A arte contemporânea
é a narrativa de um naufrágio e de um desaparecimento.
Jean Clair

A arte tornada mercado, a cultura transformada em tudo-cultural,
fazem com que se torne normal que malfeitores,
ainda denominados agentes culturais e mesmo artistas,
aproveitem-se da candura de uns
e da vontade de fazer maldades dos outros,
mormente se esses outros em questão
tenham enfado e sejam riquíssimos.
Didier Desrimais

Por diversas vezes ao longo desses anos abordei a decadência progressiva da cultura voltada às artes. Movida por interesses que buscam o lucro fácil, mais acentuadamente assiste-se à mudança de paradigmas e a todo o processo a visar ao inusitado camuflado de “vanguarda”, não importa o que será exposto, desde que cause impacto a um público numeroso, a cada ano mais bestializado. Acontece o mesmo com a música de alto consumo, que alcançou parâmetros de total alienação, haja vista os shows musicais com sons e ruídos em altíssimos decibéis, parafernália de luzes, correria de berradores que atravessam o palco insuflando a multidão, que, hipnotizada, entra em transe.

O compositor François Servenière me enviou artigo publicado em França (Causeur.fr, 15/12/2019) sob o título “L’art contemporain se mange par le deux bouts…”, no qual o articulista, Didier Desrimais, faz recrudescer ainda mais incisivamente, através de exemplos gritantes, os caminhos, desprovidos do menor bom senso, trilhados por “artistas” e promotores da arte contemporânea.

Desrimais observa: “Há alguns meses, o Museu do Louvre propunha aos seus visitantes um ‘percurso Jay-Z e Beyoncé’, nome de um casal de rappers que havia realizado um clip nas galerias do museu. Nessa oportunidade, sem rir, Anne-Laure Béatrix, diretora de relações exteriores do Louvre, dizia: ‘Buscamos parcerias que tenham bom senso’ (Le Monde, 23/07/2018); enquanto que Pierre Adrien Poulouin, mediador, ultrapassava as medidas: ‘O Louvre torna-se uma marca da moda, onde se passam coisas interessantes’ ”!!!

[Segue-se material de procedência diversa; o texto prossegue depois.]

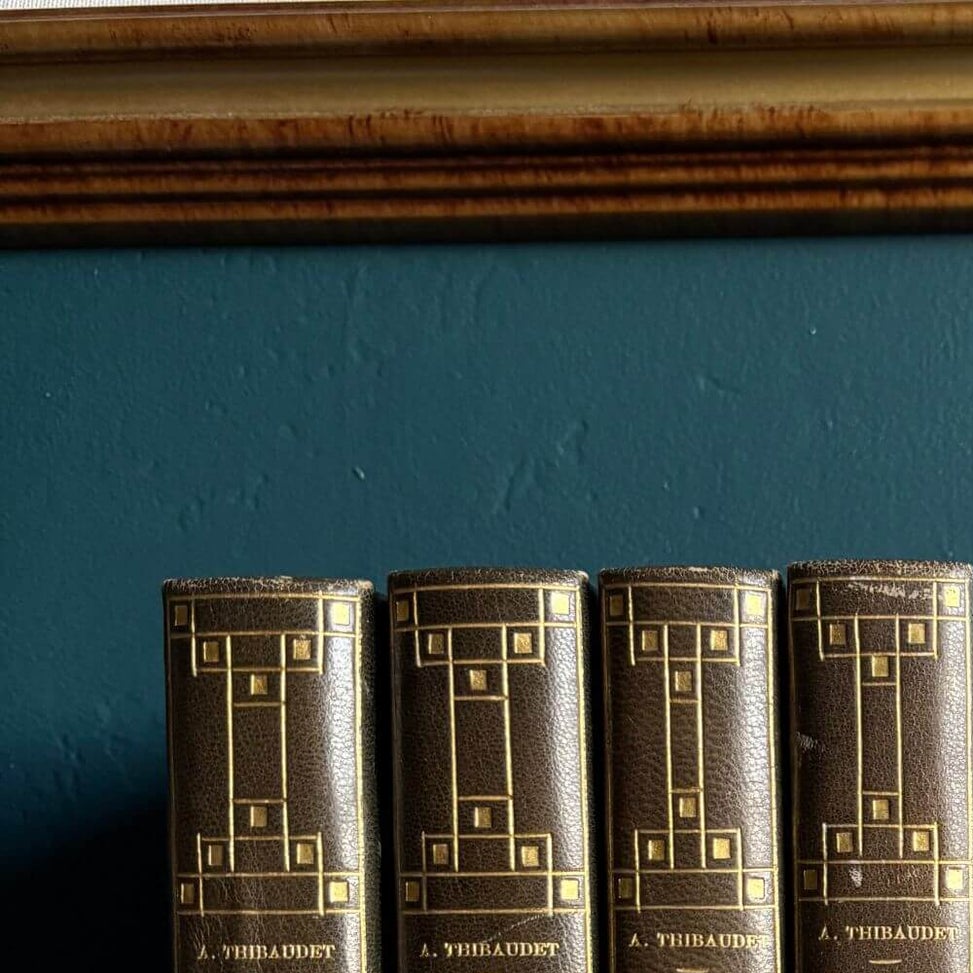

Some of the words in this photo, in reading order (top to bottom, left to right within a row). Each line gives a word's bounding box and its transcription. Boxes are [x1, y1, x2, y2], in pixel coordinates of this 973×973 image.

Estou a me lembrar do notável escritor, Prêmio Nobel de Literatura, Mario Vargas Llosa, em observações sobre a decadência cultural: “Na Cultura, temos retrocedido, sem nossa vontade, por culpa fundamentalmente dos países mais cultos, os que estão na vanguarda do desenvolvimento, os que marcam as pautas e as metas que pouco a pouco contagiam os outros”. Comenta sobre o mercado livre de arte, que fixa preços em função da oferta e da procura, acentuando que a decadência cultural expõe deteriorações sempre mais acentuadas. Afirma: “No domínio da pintura, como exemplo, obras de verdadeiros enganadores, graças ao modismo e à manipulação do gosto dos colecionadores, estimulados pela ação de marchands e críticos, têm alcançado preços vertiginosos” (La Civilización del espectáculo, 2012).

Didier Desrimais menciona conceitos de Jean Clair, escritor e conservador dos museus de França, inseridos em seu livro “L’hiver de la culture” (France, Flammarion, 2011). Escreve o articulista: “Jean Clair denunciava os ‘abatedores culturais’ que enterram definitivamente os artistas mortos, assim como os museus de Arte contemporânea e outros FRAC (Fonds régionaux d’art contemporain), que ignoram os verdadeiros artistas e promovem agentes comerciais de algumas galerias. Ele já pressentia que acabariam abatendo a arte naquilo que ela representa como alto padrão de cultura, tornada ‘marca cool’, presentemente”.

O que levou Desrimais ao artigo foi a absurda notícia de que tomou conhecimento: “Soubemos ontem que uma banana presa por adesivo sobre um muro da Feira de Arte Basel, em Miami, lá colocada por um artista-agente-comercial, foi retirada e comida pela soma de cento e vinte mil dólares e que uma outra foi imediatamente colocada no lugar, devidamente fixada. Igualmente arrancada e devorada pelo mesmo preço. Uma outra substituiu a precedente. Logo não mais se contava o número de bananas a cento e vinte mil dólares arrancadas e comidas. O público se cansará de tais cenas como de outras, evidentemente. O agente-cultural-artista, sempre audacioso, tudo ousando, substituirá a banana por um… morango, ao preço de cento e cinquenta mil dólares, após por um damasco a cento e oitenta mil dólares, maçãs por duzentos mil dólares e cerejas por duzentos e cinquenta mil dólares.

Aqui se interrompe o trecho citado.